Lower lip position and contour

It may be concluded that Turkish males have protrusive lower lips compared to North American males but statistically significant differences were not found between groups. Erbay et al. (2002) evaluated lower lip position relative to the H line in groups with normal dentitions. This measurement was −0.4 mm for males and 0.2 mm for females. According to the findings of Basciftci et al. (2003), these measurements were −0.1 and 0.1 mm, respectively. In the present study, these values are 0.5 mm for males and 0.7 mm for females. The mentolabial sulcus relative to lower lip pogonion line measurement showed that mentolabial sulcus depth was increased in the Turkish sample.

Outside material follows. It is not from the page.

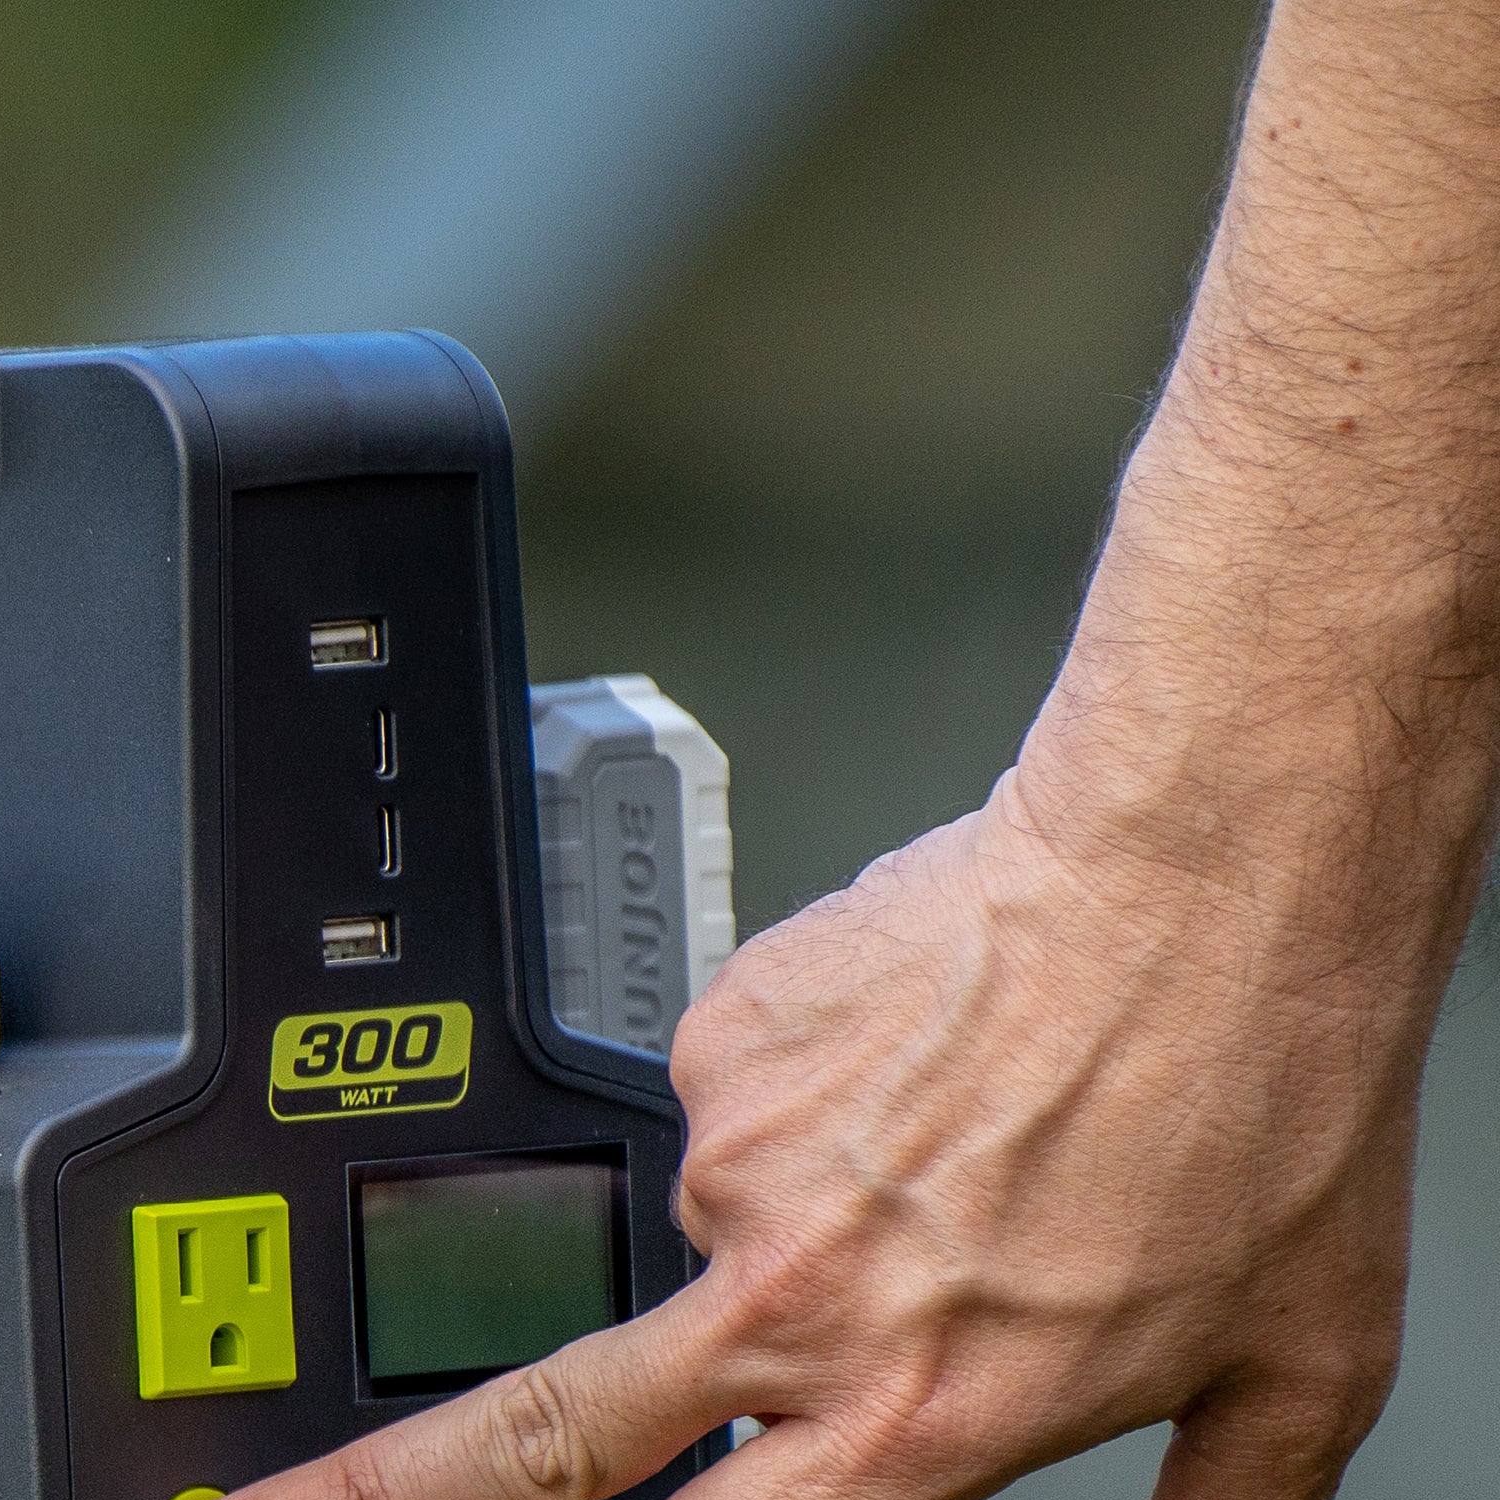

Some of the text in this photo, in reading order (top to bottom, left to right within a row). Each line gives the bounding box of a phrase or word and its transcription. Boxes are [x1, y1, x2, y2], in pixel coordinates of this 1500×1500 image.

[618, 800, 668, 1050] UNJOE
[294, 1013, 443, 1078] 300
[341, 1086, 399, 1107] WATT

Nose prominence and nasolabial angle

No statistically significant difference existed for nose prominence. The findings for nose prominence in the current investigation were distinctly different from those of Basciftci et al. (2003) that showed more prominent noses for Turkish individuals. The nasolabial angle was decreased in Turkish samples for both genders.

The findings from this study are important from two perspectives. Firstly, when using Caucasian soft tissue norms to analyse a Turkish patient cephalometrically, the practitioner must consider the Turkish culture’s view of soft tissue facial aesthetics and try to incorporate and maintain these soft tissue features in the treatment plan. Secondly, when a Turkish practitioner is treating a Caucasian, he/she must consider the cultural bias he/she may have in soft tissue aesthetics. For example, while the practitioner may favour short, thicker, and more protrusive lips, the Caucasian adult he/she is treating may not find such a feature to be aesthetically pleasing. Ideally, any array of cephalometric norms should be ethnically specific so that patients can have aesthetic faces according to their own culture’s concept of beauty.

Conclusions

According to the results of this study, there are important soft tissue differences between Turkish and European–Americans. The most important differences when comparing a Turkish patient to an American patient of European ancestry is that Turkish patients have

  • More convex soft tissue facial profiles,

  • More retrognathic and thinner soft tissue chins,

  • More protrusive and shorter upper and lower lips (for males only),

  • These differences may be taken into account when Turkish patients treated according to Caucasian norms.

Funding

Erciyes University, Unit of Scientific Research Project (EUBAP, DHA-07-04).